Mlliyet Milliyet Blog Milliyet Blog
 
Facebook Connect
Blog Kategorileri
 

20 Aralık '13

 
Kategori
Futbol
 

“Şike” takıntısı ve “yüz mumluk” laflar...

“Şike” takıntısı ve  “yüz mumluk” laflar...
 

“Yazınsal ürünler”in dil ve anlatımı, yani üslubu, söyleyeni hemen ele verir.

Okumayı bir yaşam biçimi bilen bir okur, yazılanın kime ait olduğunu üsluptan “şıp” diye bilir. Duraksadığında ise, “Şunun üslubuna benziyor” der.

Üslup, “özgün olma”nın öteki adıdır.

"Futbol adamı” kimliği taşıyanlardan kimileri de üsluplarından bilinir. İşte, "Bunları kim söylemiş olabilir?" sorusunu gerektirmeyen bir alıntı:

“Ben her gittiğimde bütün yetkililerin hepsine '2010-2011 yılında şike yoktur diyen namussuzdur' diyorum. Hepsi kafalarını önüne eğiyor. Kendi kafalarını kendileri düzeltsin istiyoruz.”

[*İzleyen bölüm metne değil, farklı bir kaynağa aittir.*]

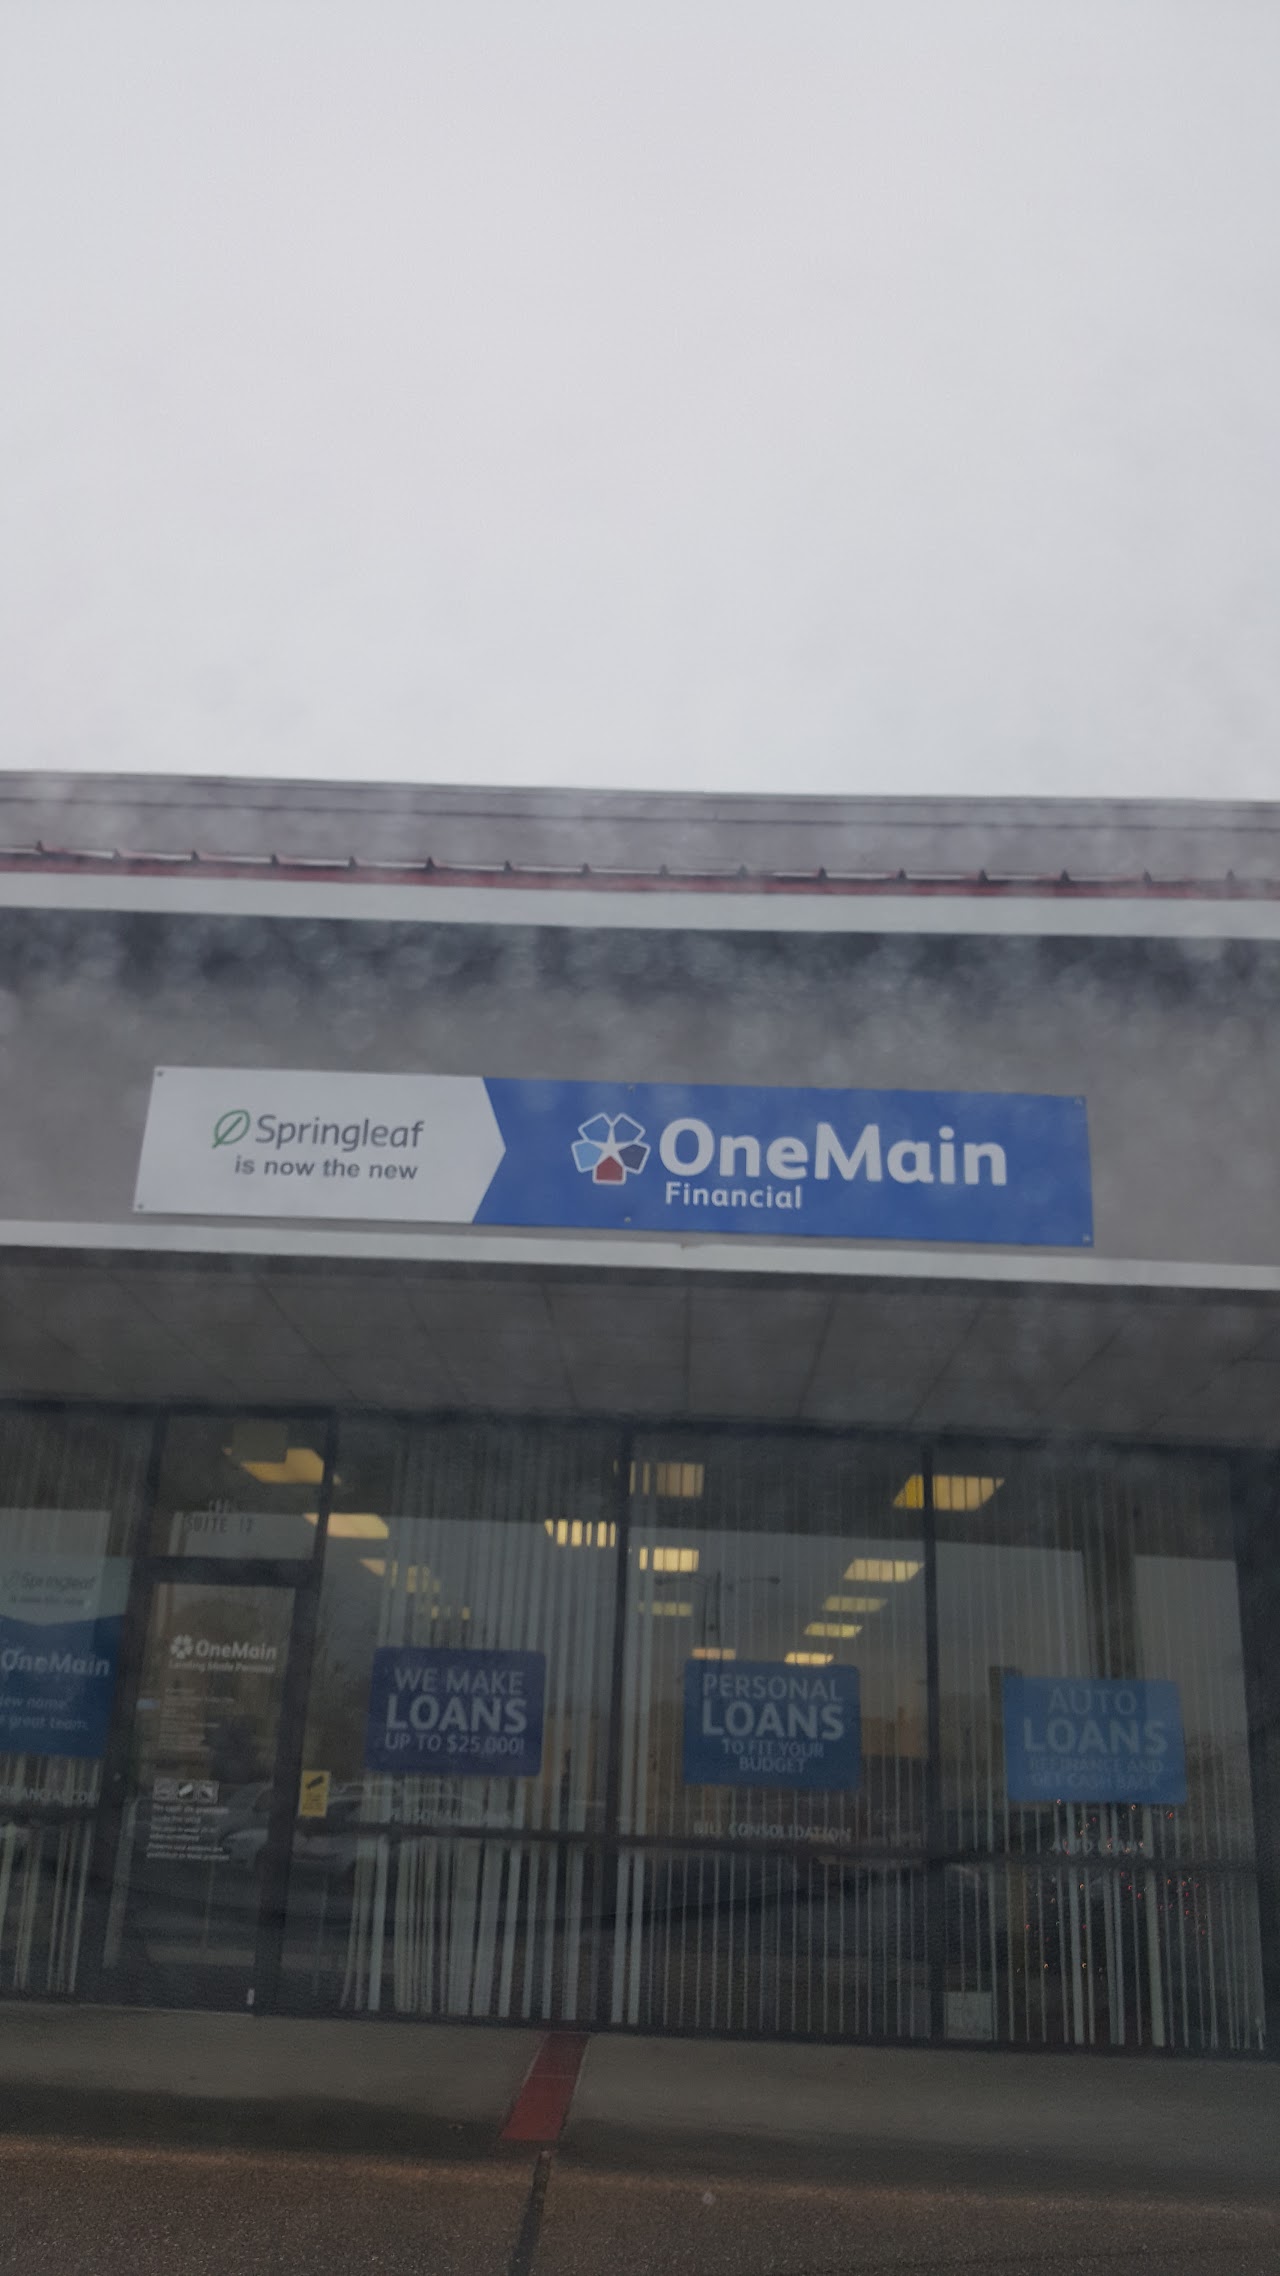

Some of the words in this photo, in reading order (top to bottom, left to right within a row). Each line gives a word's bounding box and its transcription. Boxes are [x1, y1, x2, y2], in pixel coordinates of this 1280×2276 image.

[255, 1114, 425, 1153] Springleaf
[658, 1117, 1008, 1187] OneMain
[234, 1154, 255, 1175] is
[263, 1160, 314, 1178] now
[322, 1158, 361, 1179] the
[368, 1162, 418, 1180] new
[664, 1182, 802, 1210] Financial
[1, 1648, 110, 1677] OneMain
[195, 1638, 278, 1661] OneMain
[393, 1666, 439, 1693] WE
[446, 1668, 524, 1696] MAKE
[703, 1673, 844, 1702] PERSONAL
[385, 1693, 528, 1734] LOANS
[1047, 1687, 1137, 1716] AUTO
[702, 1699, 846, 1741] LOANS
[384, 1731, 411, 1750] UP
[416, 1733, 441, 1752] TO
[721, 1739, 746, 1755] TO
[748, 1740, 774, 1756] FIT
[778, 1741, 824, 1759] YOUR
[1023, 1718, 1169, 1755] LOANS
[739, 1756, 808, 1773] BUDGET
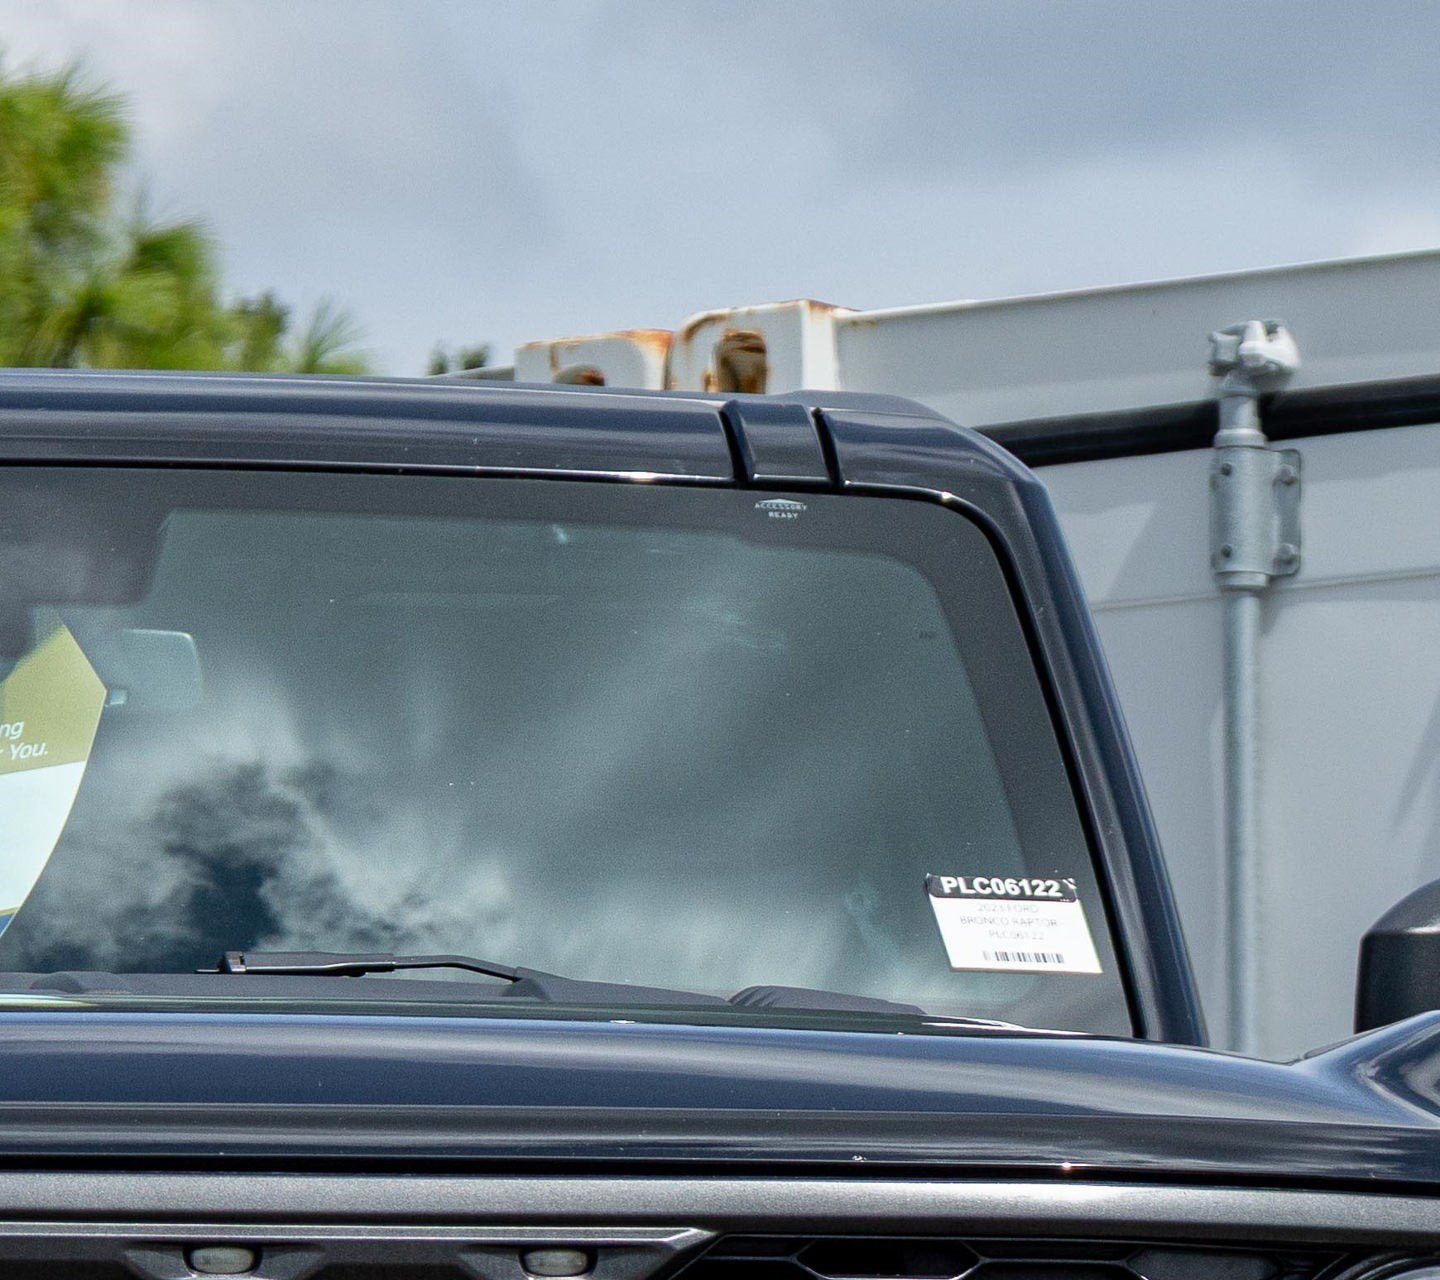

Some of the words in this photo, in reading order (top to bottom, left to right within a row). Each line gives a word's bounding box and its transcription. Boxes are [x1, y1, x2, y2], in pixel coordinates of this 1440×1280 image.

[754, 502, 808, 511] ACCESSORY
[768, 511, 799, 519] READY
[9, 741, 49, 761] You.
[939, 876, 1063, 897] PLC06122

Futbol sözkonusu olduğuna göre, yetkililer denenler, belli olmalı değil mi?

Evet, ama bu ülkede görüşülen, her türlü isteğin ulaştırıldığı, şikayetinin yapıldığı, önerilerin götürüldüğü “yetkililer”, sadece onlar değil ki...

Görüşülen “yetkililer” için, çok geniş bir çevre çizmek gerekir.

Neyse...

Yetkililerin gözlerinin içine baka baka onlara dendiği denen ne?

“2010-2011 yılında şike yoktur diyen namussuzdur.”

Yetkililer ne yapmış?

Kafalarını önüne eğmiş!.. Çünkü “yoktur” dedikleri için deneni kabullenmiş ve bundan utanç duymuşlar!

Ne ilginç, ne garip!..

*****

Başlangıcı 3 Temmuz, bitimi belli değil!

“Şike” dendi durdu, dayanaklar gösterildi. Ama ortada bir terslik vardı; “tek kişilik şike” olmazdı. Ama “Olur” dendi,  “idari” yönden “men”ler geldi. UEFA/ CAS, olmayanı, “bizde böyle olur”cuların dediklerine uyarak onayladı.

İçeridekilerin kimileri bir yana, dışarıda UEFA Başkanı Platini ile Genel Sekreteri Gianni Infantino, bir konuşmaya görsünler, ağızlarından “şike” çıkıyor, bizde hemen haber oluyor.

Gianni Infantino, yine konuşmuş!.

Gören de, yüz mumluk ampul gibi etrafını aydınlatıyor sanır!

Görüntü öyle de, gerçek farklı.

Infantino, ağzını açtı mı lafı Türkiye’ye getiriyor.

“Polis fezlekesi”ne dayanarak, o “fezleke”yi tek geçerli ve tartışmasız belge sayarak, “Avrupa’dan men cezası”nı haklı göstermeyi marifet sanıyorlar. Bir de basında çıkanları, televizyonlarda konuşan “malum kişiler”in dediklerini belge sayarak...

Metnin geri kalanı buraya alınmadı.